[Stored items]
- - - -

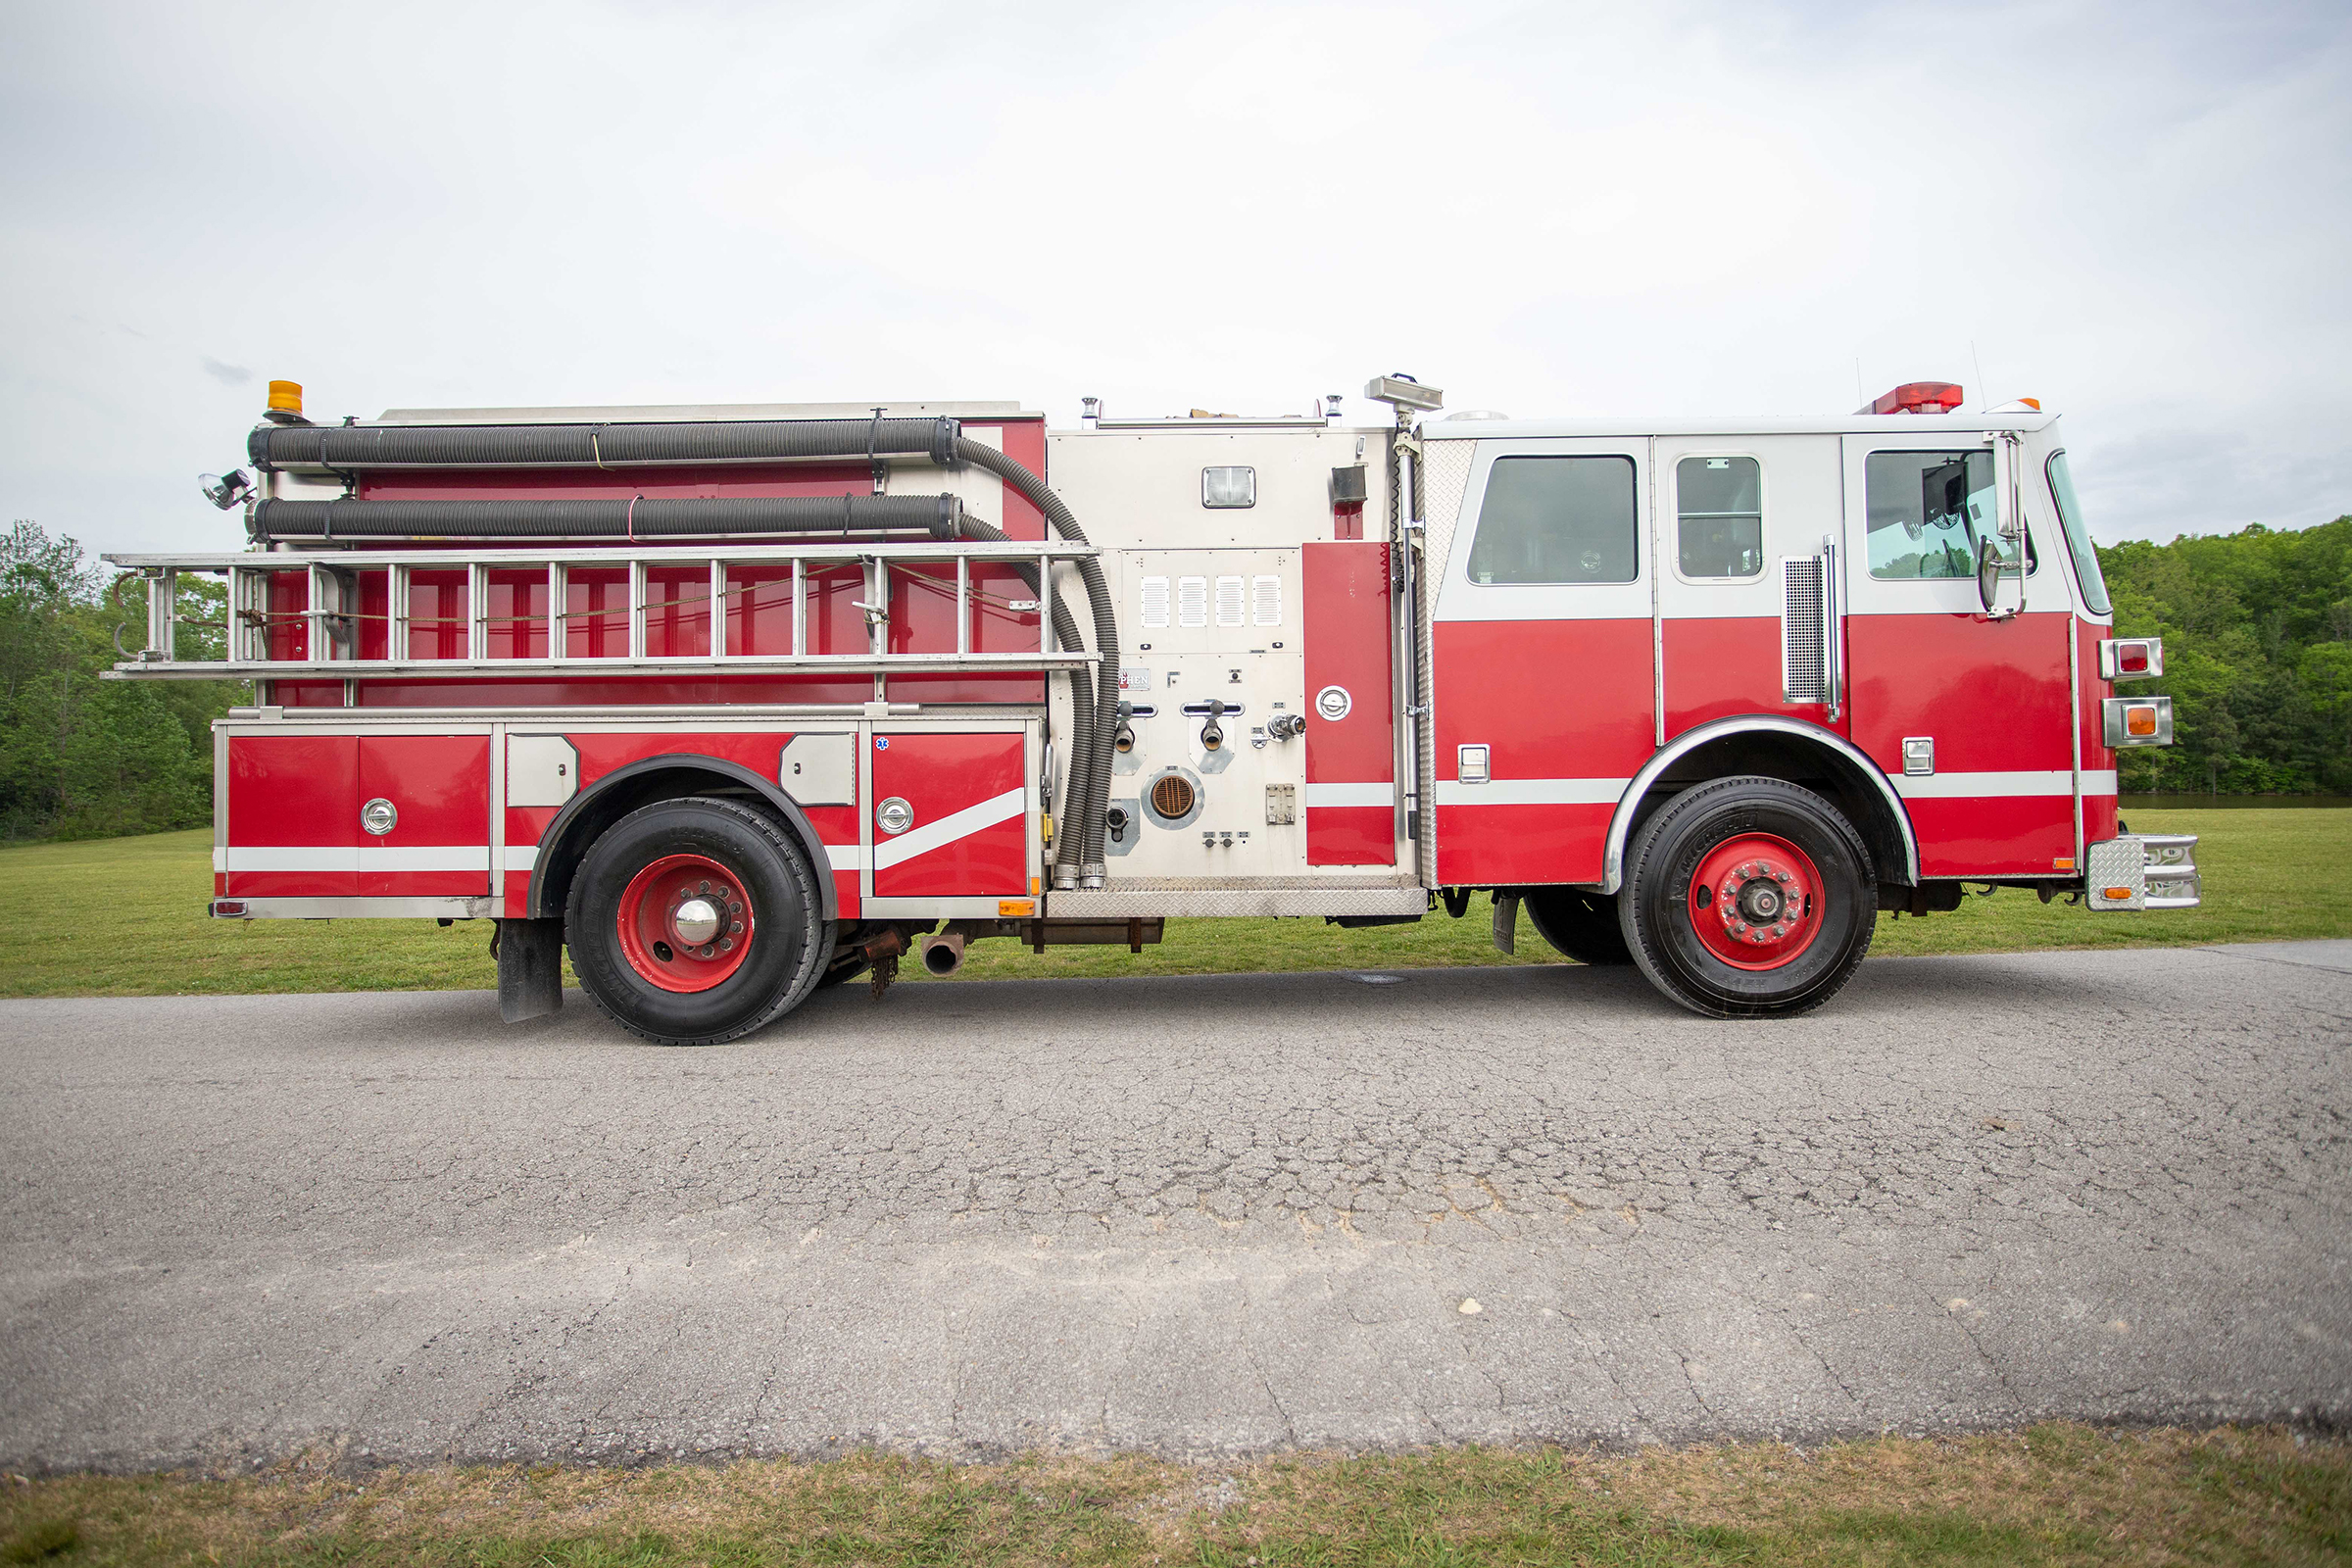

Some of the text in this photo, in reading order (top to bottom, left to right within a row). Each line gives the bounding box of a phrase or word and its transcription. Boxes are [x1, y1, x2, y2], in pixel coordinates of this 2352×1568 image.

[1118, 676, 1148, 685] PHEN
[1680, 813, 1757, 873] MICHELIN
[587, 895, 631, 1000] MICHELIN
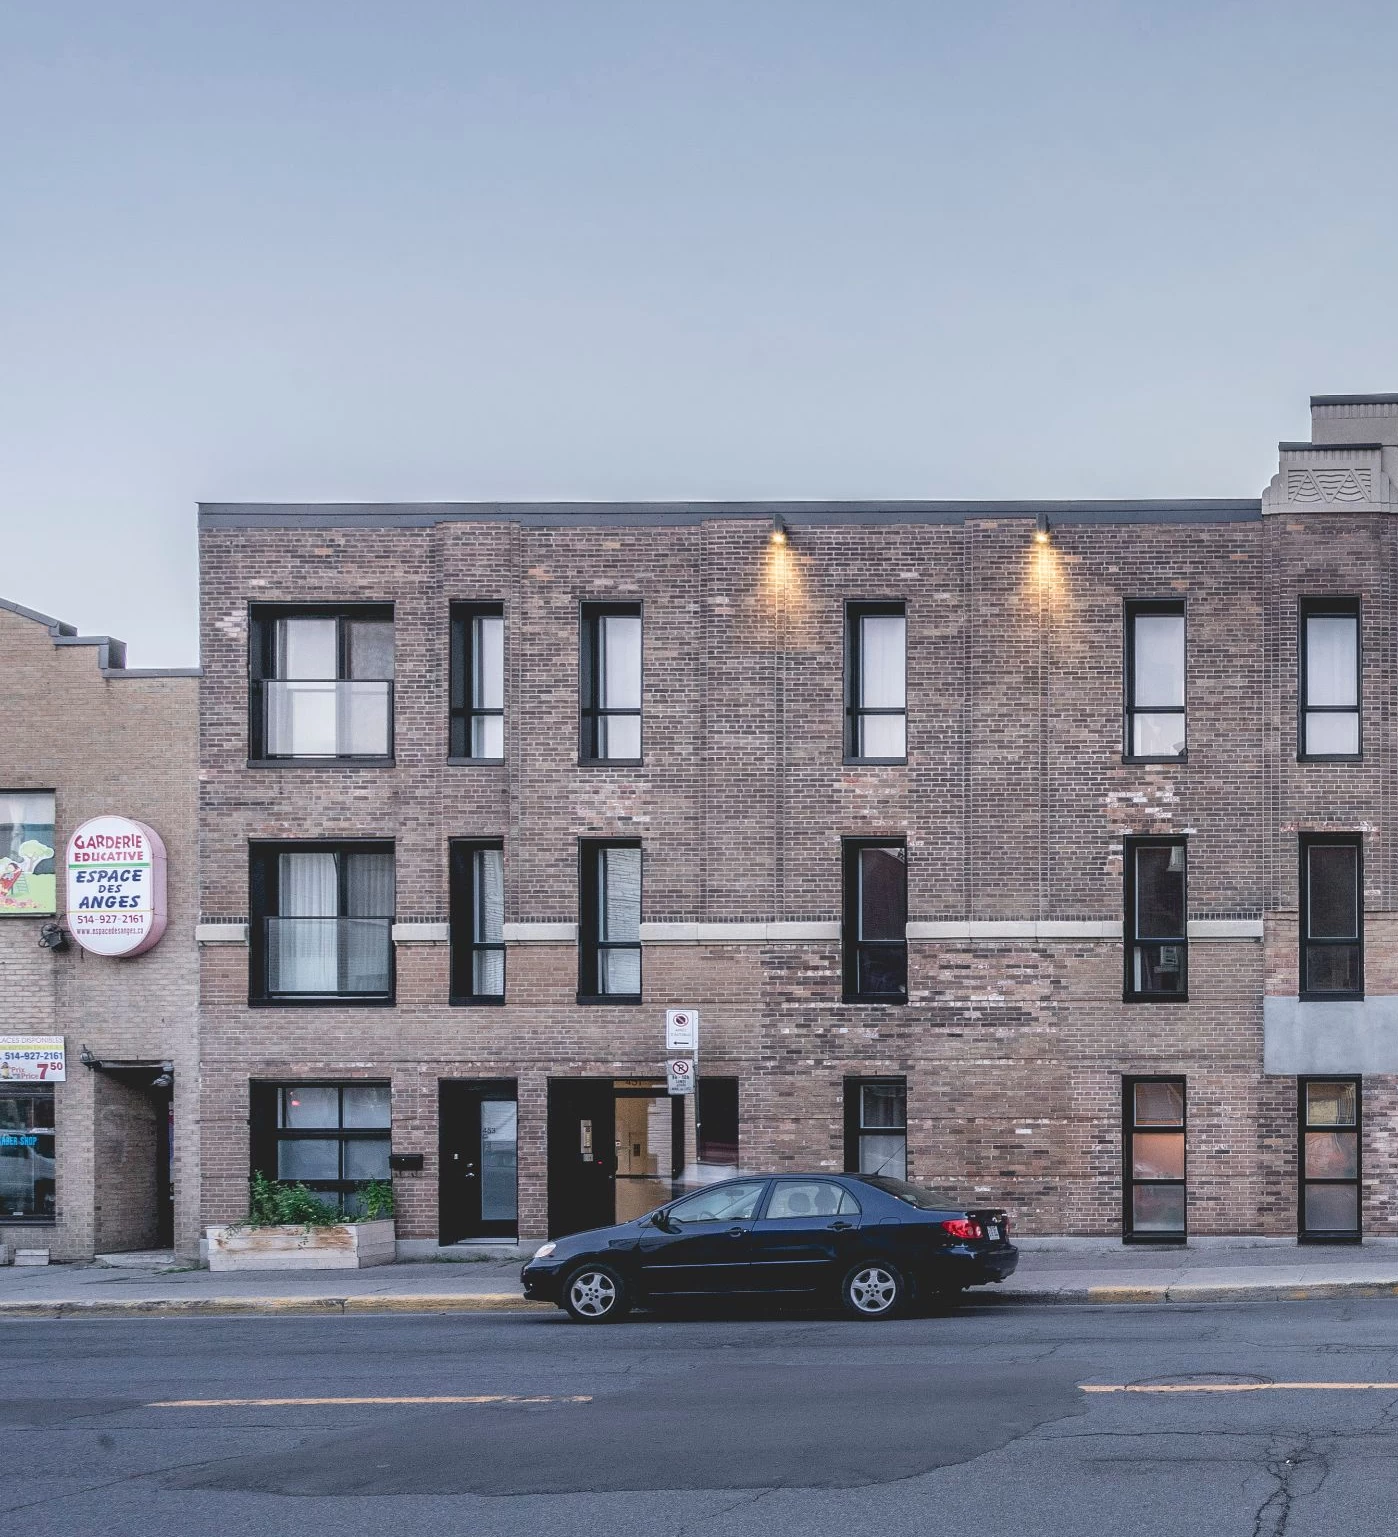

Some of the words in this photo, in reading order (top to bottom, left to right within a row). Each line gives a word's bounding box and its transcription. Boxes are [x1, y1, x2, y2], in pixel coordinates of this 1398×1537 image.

- - - -

Task to carry out: Since the copy must contain no pictures, return only the text of the records, exactly as it stands.

Solved problem:
Some of the text in this photo, in reading order (top to bottom, left to right within a row). Each line gives the bounding box of a phrase or word and its transcription. Boxes are [x1, y1, x2, y2], in pixel coordinates of this 2352×1568 image.

[1118, 676, 1148, 685] PHEN
[1680, 813, 1757, 873] MICHELIN
[587, 895, 631, 1000] MICHELIN

Some of the words in this photo, in reading order (top to bottom, left to right within a row). Each line gives a word's bounding box and its transcription. Boxes are [x1, y1, x2, y2], in pixel coordinates of this 1398×1537 image.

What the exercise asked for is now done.